The ICCT is an expert organization in developing policies and programs for improving vehicle efficiency and promoting clean transportation. We have been working closely with regulators from South Africa on exploring the possibility of adopting fuel economy (FE) standards for the passenger car fleet. We have also shared new approaches to adopting soot-free buses for public transport solutions, a relevant topic for many African cities. I’ve worked closely with regulators in various countries, such as Mexico, the U.S., Brazil, India, United Arab Emirates, to establish pillars for improving vehicle efficiency and air pollution. Africa Clean Mobility Week, however, exposed me to a greater range of challenges and solutions than I have encountered before.
Two examples of this is are the issues of vehicle fuel economy and electromobility. Some countries in Africa are developing fuel economy baseline analyses to better develop policies and programs for reducing fuel consumption and meet Nationally Determined Contributions (NDCs) under global climate change agreements. Electromobility is also high on the list of options, as it improves fuel efficiency as well as urban pollution.
There is a stark difference between the baseline values for fuel economy in Kenya and Uganda. Kenya’s fuel economy baseline is 7.3L/100km or 170 gCO2/km, while Uganda’s fuel economy baseline value is 12.0 L/100km or 280 gCO2/km. This large difference is explained by current regulations for used vehicle imports. The age limit on used imports in Kenya is 8 years old, meaning a vehicle any older can’t legally enter the market, whereas Uganda has no age restriction. The result of this regulation, or lack thereof, is that the average used vehicle entering the market in Kenya is 7 years old, and in Uganda the average is 16 years old.
The lesson to be learned from Uganda is that by adding vehicle age restrictions, the average fuel efficiency of the used-vehicle market could improve by more than 60% through a single regulatory change. Not bad when compared to the years and sweat required to put a fuel efficiency policy in place.
Moreover, Africa’s whole vehicle market could flip the script of being an importer of outdated, inefficient technology and easily become an importer cutting-edge vehicle technology. Through favoring the import of used efficient vehicles, including hybrids and electric vehicles, it would improve overall fuel efficiency and reduce air pollution.
Policies implemented in Mauritius, a beautiful island nation located in the Indian Ocean, offer an example of what could be achieved in African nations. A shift to more efficient vehicles was attained by offering lower import taxes for used hybrid vehicles compared to conventional vehicles. The tax benefit amounts to a 30% discount for hybrids, which resulted in a fifty-fold increase in used hybrid vehicles imports between 2010 and 2017.
Mandating fuel efficiency standards for used-imports has the potential to increase the use of electric vehicles (EV). If you are thinking EV adoption requires strong coordination between utility companies and EV suppliers, you are not paying enough attention to young entrepreneurs in Kenya and Rwanda. In Kenya, a solar company turned electric vehicle startup is importing used Nissan Leafs (USD$6,000) and testing their performance on Kenya’s roads as a way to promote EV adoption. The lower speeds, stop and go traffic, and shorter distances make this type of electric vehicle ideal for Africa’s congested cities. In Rwanda, a country overcrowded with old dirty motorcycles serving as public transportation solutions, Ampersand Solar is field-testing electric motorcycles as a way to decrease pollution and an as an economic alternative to expensive petrol and cheap hydropowered electricity.

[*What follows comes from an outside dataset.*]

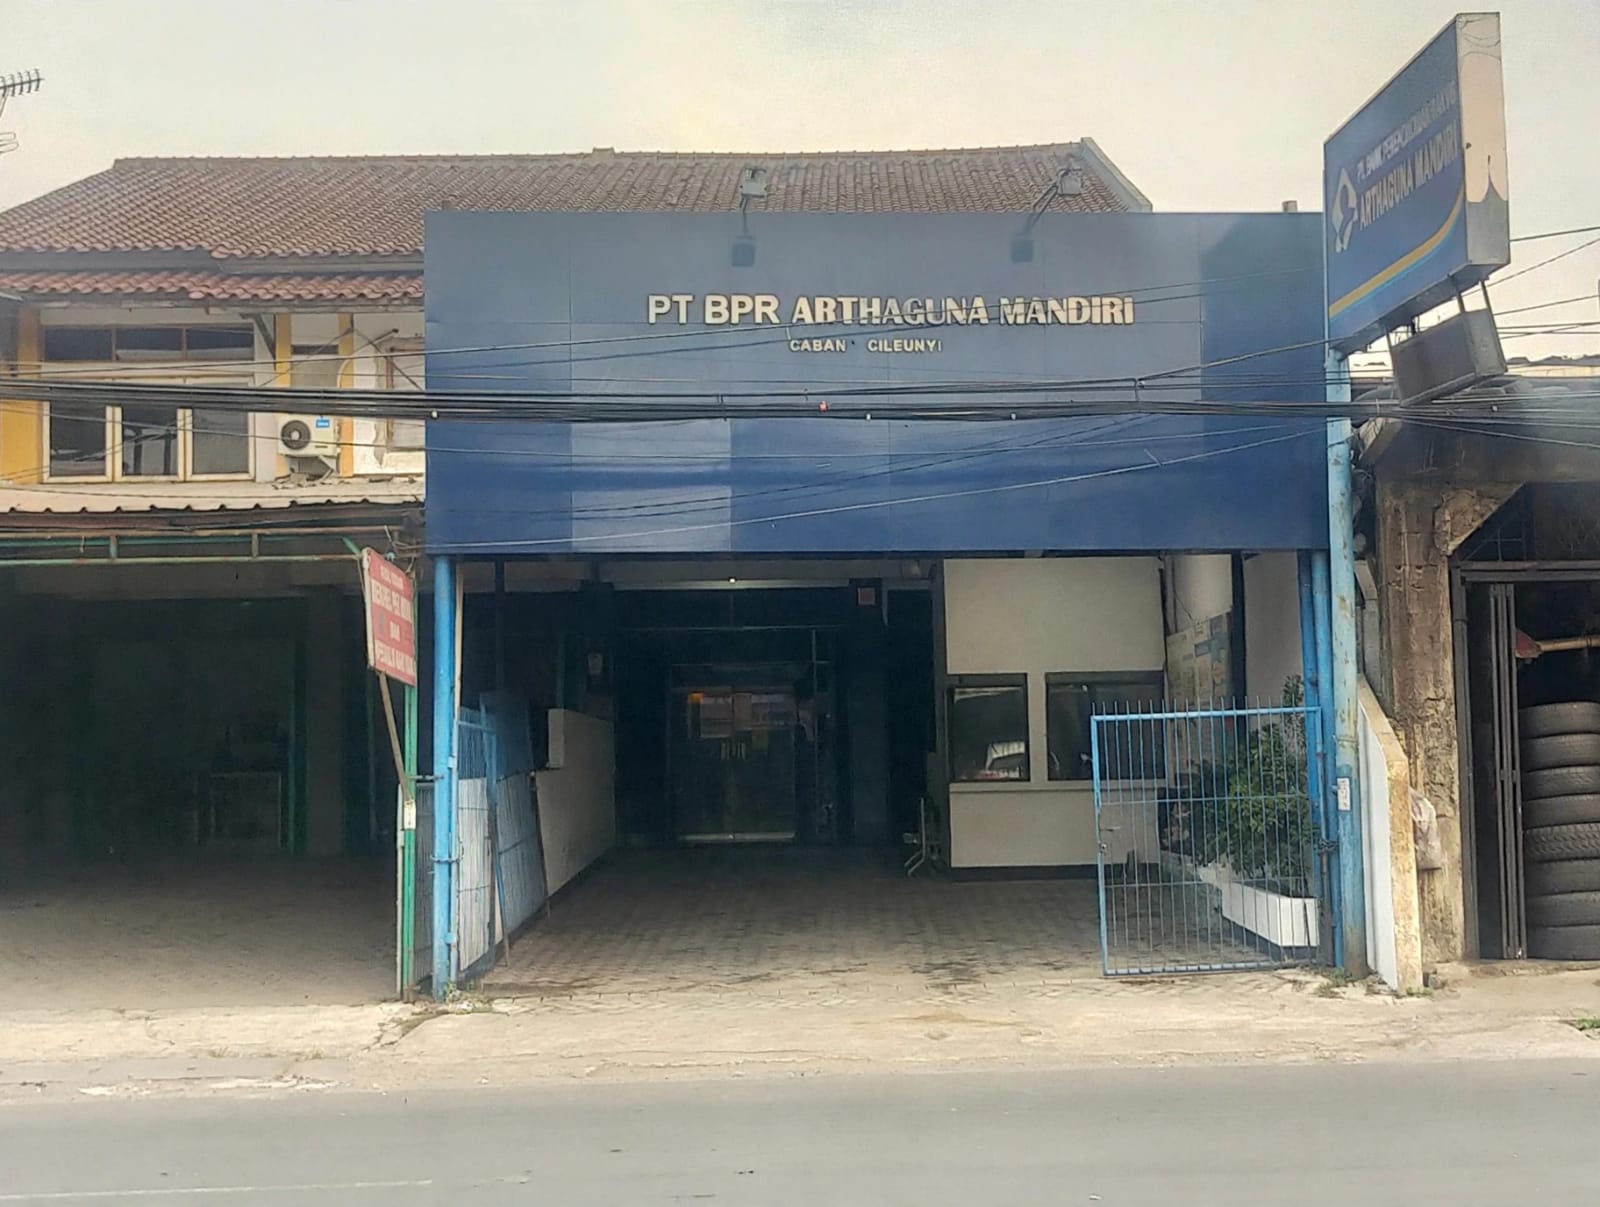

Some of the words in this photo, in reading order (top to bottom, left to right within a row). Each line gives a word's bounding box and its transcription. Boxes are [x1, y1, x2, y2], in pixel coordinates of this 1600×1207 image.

Most of Africa’s cities have very limited public transport systems relying on chiefly diesel-powered mini-buses and motorcycles, some of which use 2-stroke engines and are significant polluters. Their large numbers also imply these less-than-perfect public transportation systems employ large numbers of people – and in some cases they are the largest employer. A solution that could be adopted in parallel with developing better public transport systems is electrifying mini-buses and motorcycles – this would also require proper battery end of life management systems.
In order to improve vehicle fuel efficiency and reduce air pollution, we must listen to what Africa needs and recognize what is already proving to be successful there. The solutions seem to be outside-the-box tools combined with and regulatory methods used in higher income countries. This approach would turn the tide in their favor in reducing air pollution and GHG emissions in the region.